3. Con il terzo motivo di ricorso principale, erroneamente rubricato con il numero cardinale 4, proposto ex art. 360 c.p.c., n. 5, il ricorrente denuncia omesso esame di un fatto decisivo.

3.1. Il ricorrente si riferisce alla non applicabilità dell’estensione degli effetti della prescrizione a causa della rinuncia di C. e B. a far valere l’eccezione sollevata da ANAS con manifestazione tacita di volontà contrattuale e conseguente inoperatività dell’estensione.

3.2. L’art. 360 c.p.c., n. 5 – nel testo risultante dalle modifiche apportate dal D.L. 22 giugno 2012, n. 83, art. 54, convertito, con modificazioni, in L. 7 agosto 2012, n. 134, in tema di ricorso per vizio motivazionale per “omesso esame circa un fatto decisivo per il giudizio che è stato oggetto di discussione tra le parti”, deve essere interpretato, alla luce dei canoni ermeneutici dettati dall’art. 12 preleggi, nel senso della riduzione al “minimo costituzionale” del sindacato di legittimità sulla motivazione; secondo la nuova formula, è denunciabile in Cassazione solo l’anomalia motivazionale che si tramuta in violazione di legge costituzionalmente rilevante, in quanto attinente all’esistenza della motivazione in sè, purchè il vizio risulti dal testo della sentenza, a prescindere dal confronto con le risultanze processuali. Tale anomalia si esaurisce nella “mancanza assoluta di motivi sotto l’aspetto materiale e grafico”, nella “motivazione apparente”, nel “contrasto irriducibile tra affermazioni inconciliabili” e nella “motivazione perplessa ed obiettivamente incomprensibile”, esclusa qualunque rilevanza del semplice difetto di “sufficienza” della motivazione (Sez. un., 07/04/2014, n. 8053; Sez. un., 22/09/2014, n. 19881; Sez. un., 22/06/2017, n. 15486).

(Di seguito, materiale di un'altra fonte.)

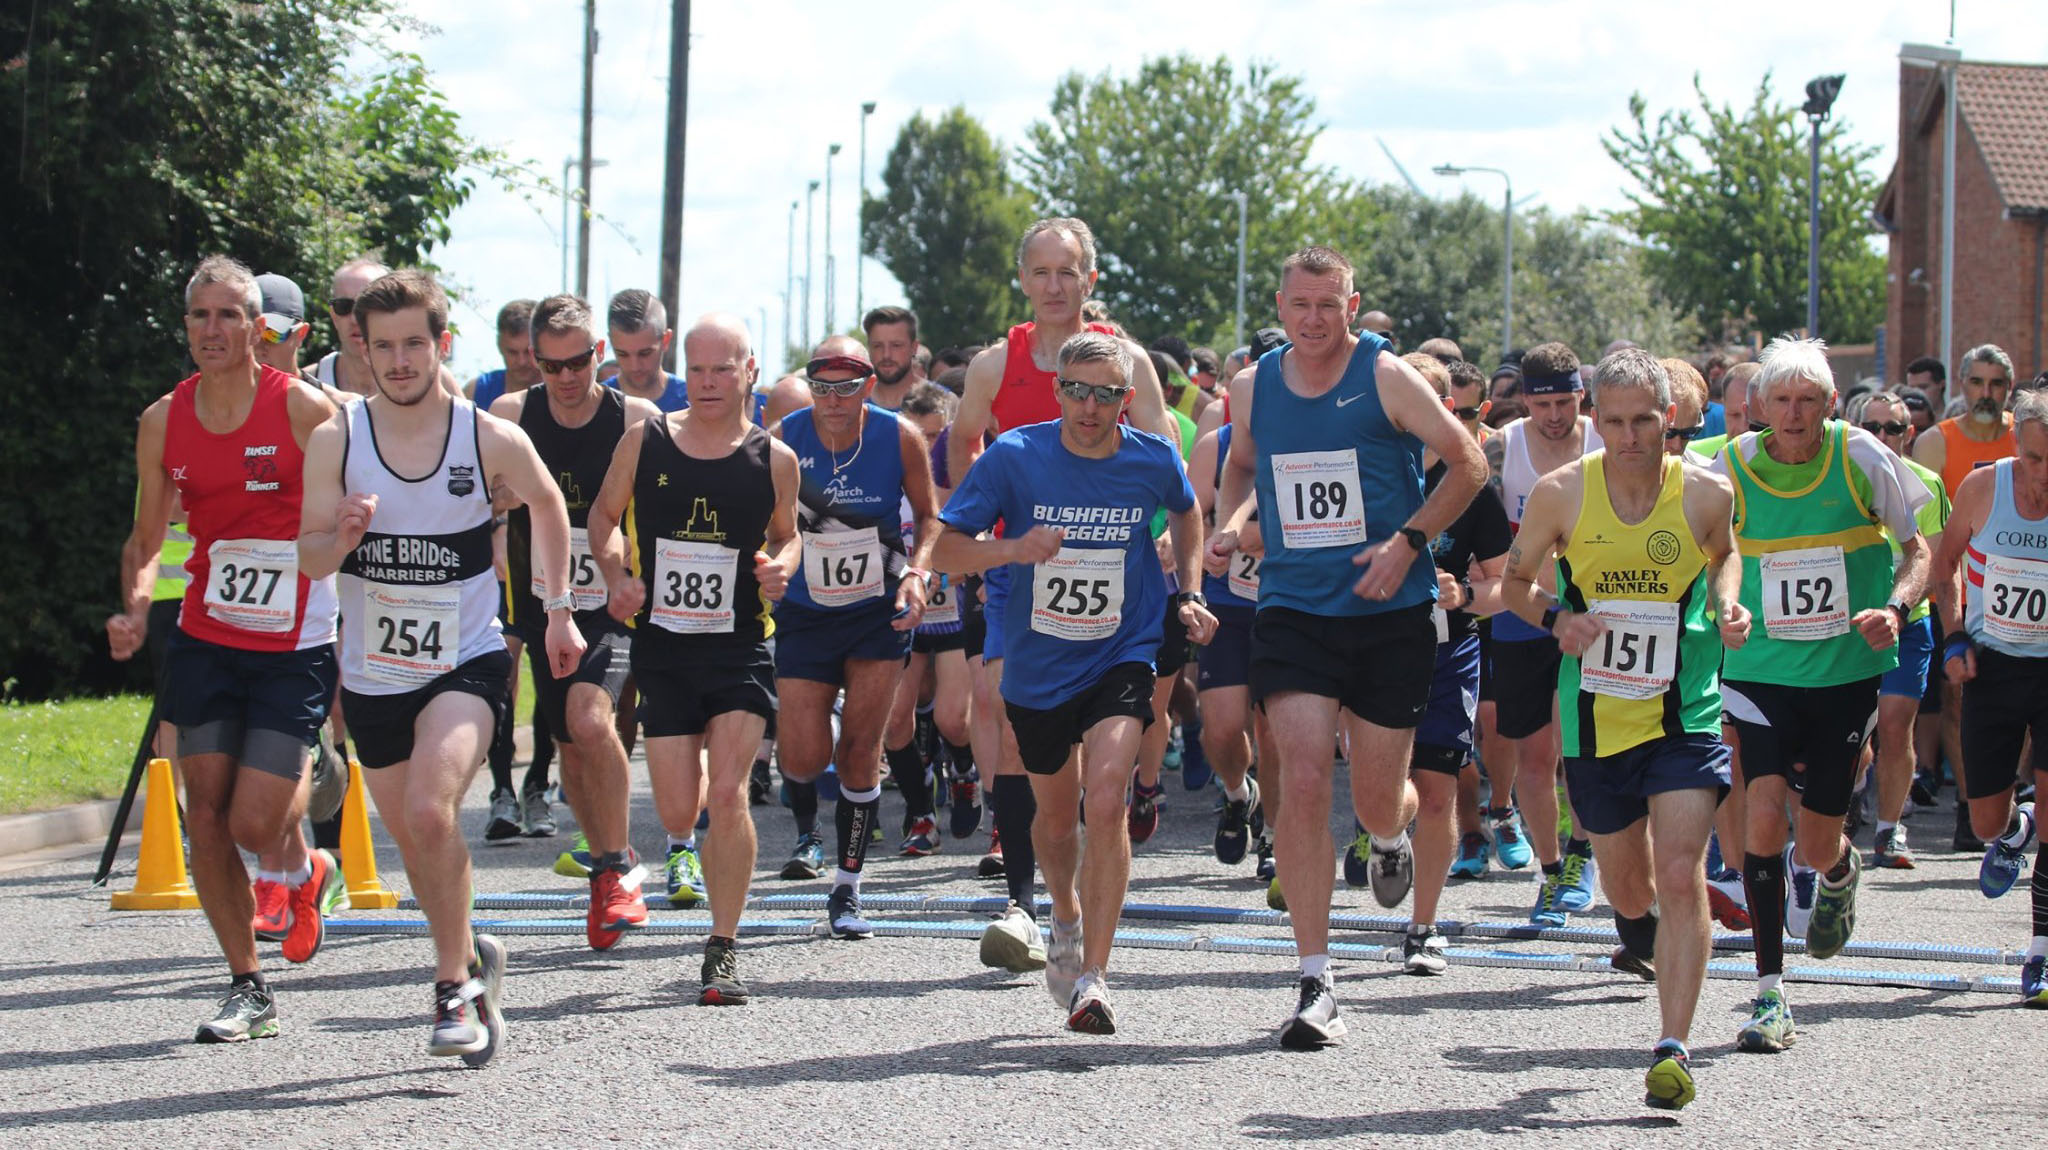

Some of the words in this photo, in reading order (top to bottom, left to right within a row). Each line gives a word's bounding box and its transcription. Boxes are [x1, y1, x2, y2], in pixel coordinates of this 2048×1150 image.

[244, 446, 278, 457] RAMSEY
[823, 486, 864, 504] March
[834, 497, 864, 505] Athletic
[1294, 481, 1348, 520] 189
[1033, 504, 1143, 523] BUSHFIELD
[356, 538, 393, 564] TYNE
[398, 538, 461, 567] BRIDGE
[219, 563, 283, 605] 327
[364, 565, 447, 581] HARRIERS
[822, 552, 869, 587] 167
[1601, 569, 1662, 581] YAXLEY
[663, 570, 723, 610] 383
[1047, 577, 1110, 616] 255
[1595, 582, 1669, 595] RUNNERS
[1780, 576, 1834, 616] 152
[1991, 583, 2047, 622] 370
[1598, 610, 1629, 619] Advance
[1629, 612, 1677, 622] Performance
[377, 616, 443, 660] 254
[1602, 629, 1657, 674] 151
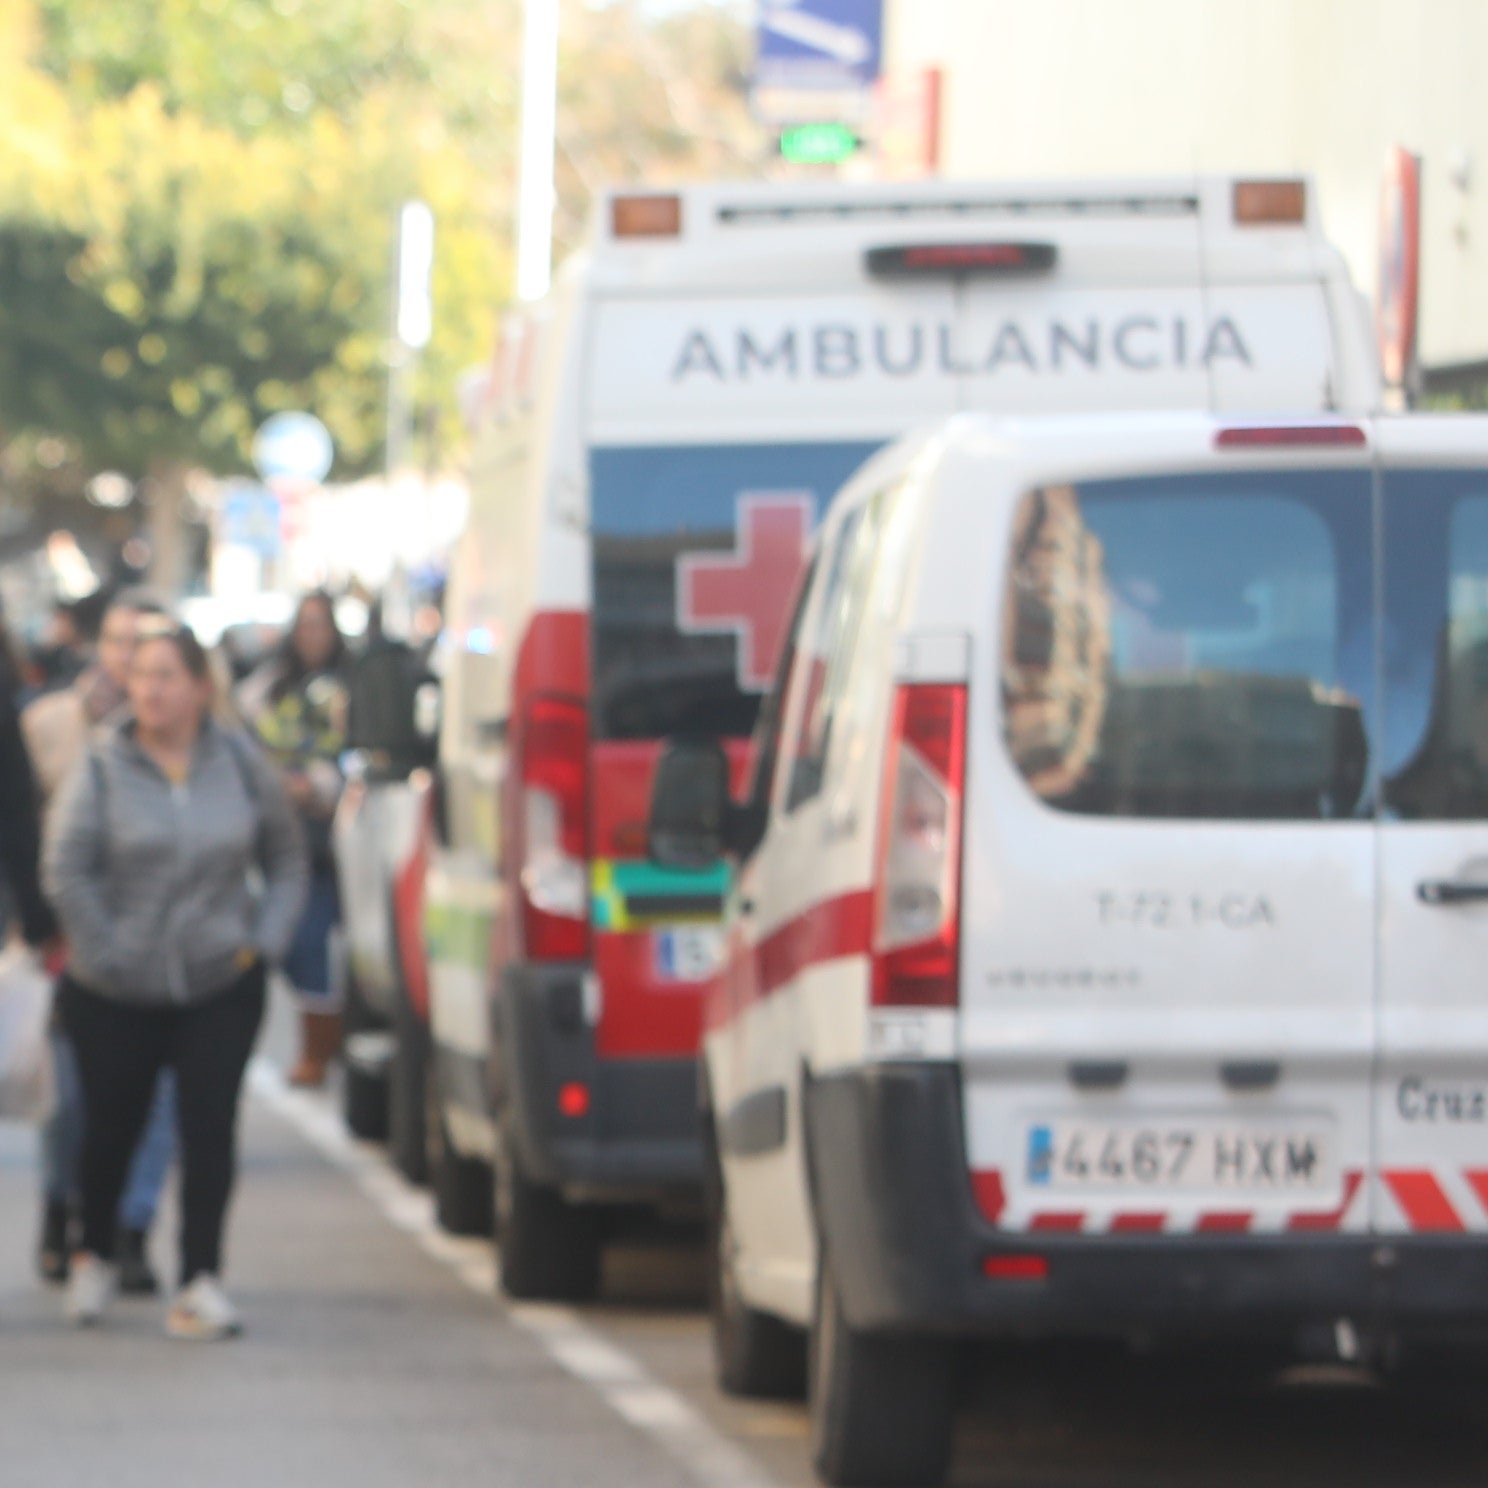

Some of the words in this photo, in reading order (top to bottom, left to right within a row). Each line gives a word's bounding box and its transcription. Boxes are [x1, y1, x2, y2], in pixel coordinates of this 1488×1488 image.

Inoltre, secondo le Sezioni Unite, nel rigoroso rispetto delle previsioni dell’art. 366 c.p.c., comma 1, n. 6 e art. 369 c.p.c., comma 2, n. 4, il ricorrente deve indicare il “fatto storico”, il cui esame sia stato omesso, il “dato”, testuale o extratestuale, da cui esso risulti esistente, il “come” e il “quando” tale fatto sia stato oggetto di discussione processuale tra le parti e la sua “decisività”, fermo restando che l’omesso esame di elementi istruttori non integra, di per sè, il vizio di omesso esame di un fatto decisivo qualora il fatto storico, rilevante in causa, sia stato comunque preso in considerazione dal giudice, ancorchè la sentenza non abbia dato conto di tutte le risultanze probatorie.

3.3. Innanzitutto, la censura proposta non deduce l’omesso esame di un fatto storico, ma, a rigore, si riferisce a una valutazione giuridica e comunque non dà neppur conto dei tempi e dei modi in cui tale questione sarebbe stata sottoposta al contraddittorio processuale.

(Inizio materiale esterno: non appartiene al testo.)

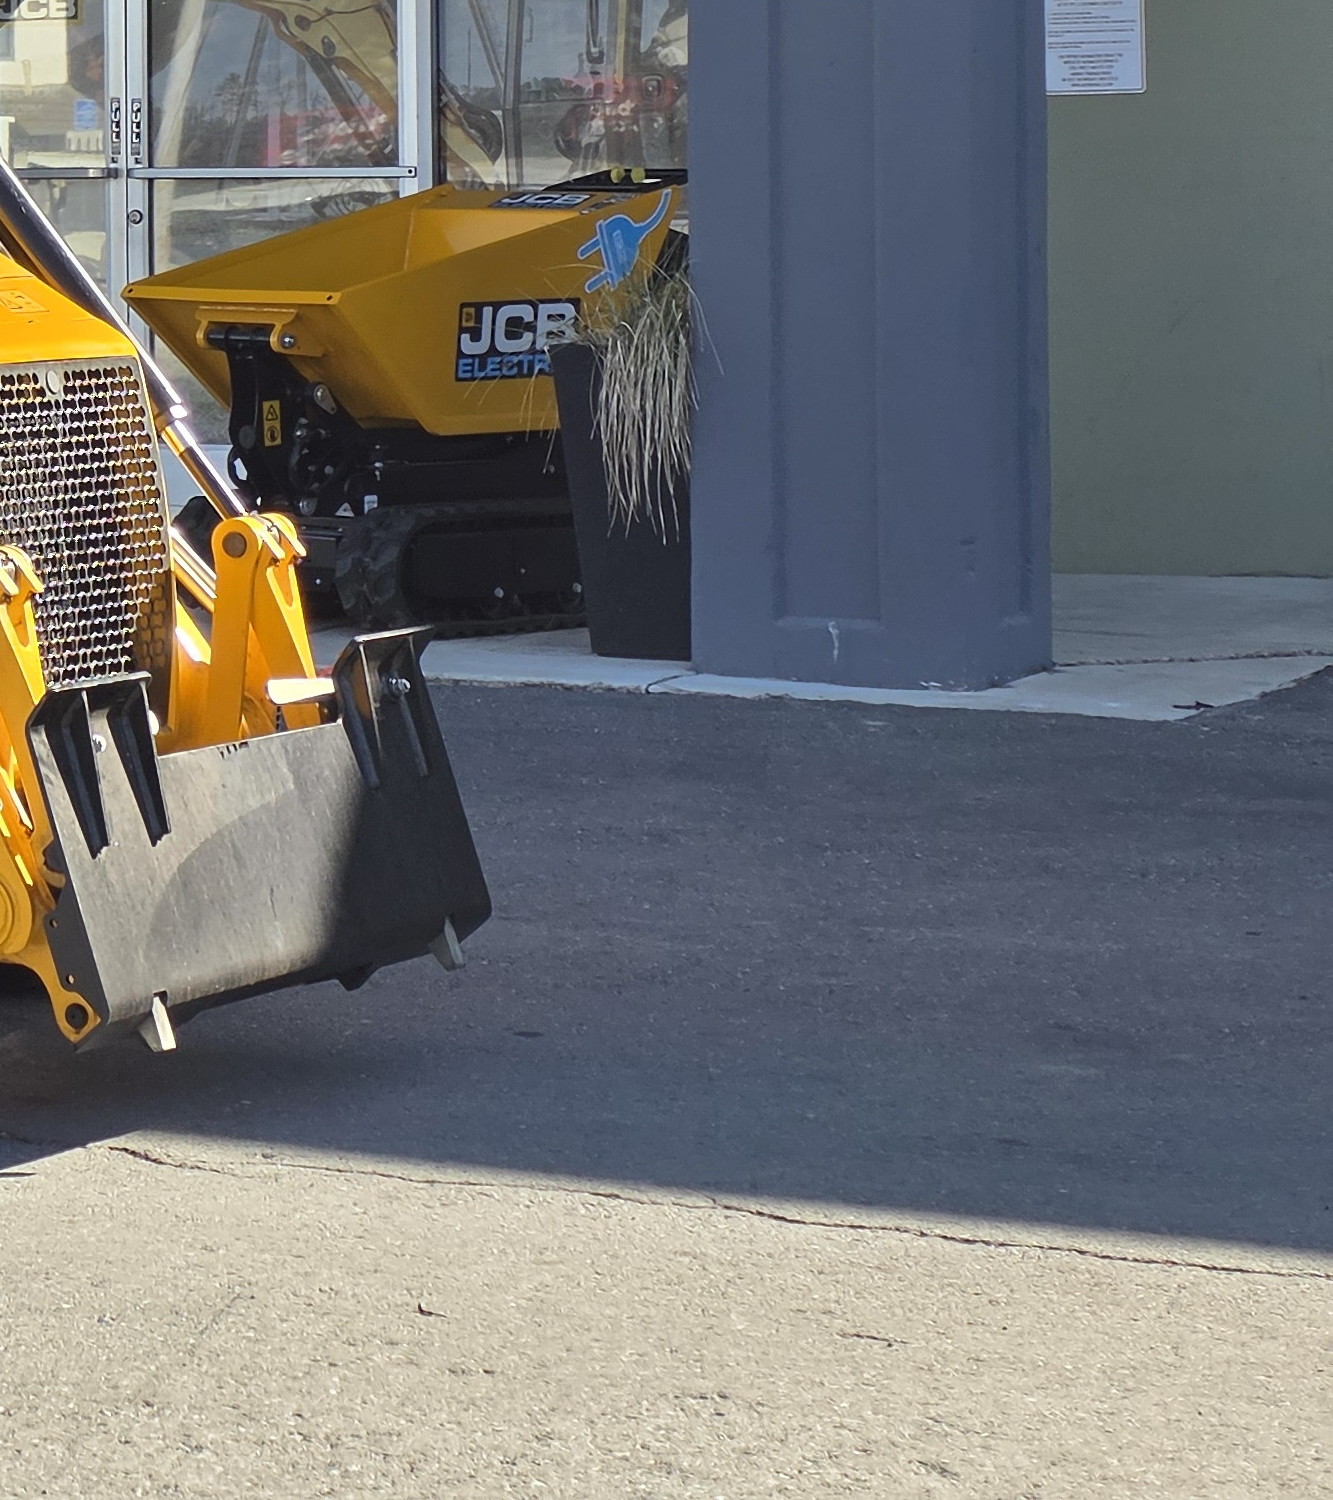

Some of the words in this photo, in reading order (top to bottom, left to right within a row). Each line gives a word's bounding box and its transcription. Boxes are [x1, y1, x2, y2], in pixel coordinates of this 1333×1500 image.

[112, 102, 120, 142] PULL
[133, 102, 141, 142] PULL
[500, 194, 591, 205] JCB
[460, 302, 576, 355] JCB

3.4. In secondo luogo, anche a voler leggere conservativamente, ut magis valeat quam pereat, l’argomentazione del ricorrente, in combinato con la doglianza di cui al secondo motivo, come fondata sulla mancata considerazione della lettera 8/2/1995 della C. e B., incorre in tutte le carenze e aporie evidenziate nel precedente p. 2.3., che la consegnano ineludibilmente all’applicazione dello stigma di inammissibilità.

4. Con il quarto motivo di ricorso principale, erroneamente rubricato con il numero cardinale 5, proposto ex art. 360 c.p.c., n. 3, il ricorrente denuncia violazione o falsa applicazione di legge in relazione all’art. 2938 c.c. e art. 112 c.p.c., a fronte della rinuncia all’eccezione di prescrizione da parte di C. e B. che l’aveva inizialmente proposta e poi vi aveva desistito.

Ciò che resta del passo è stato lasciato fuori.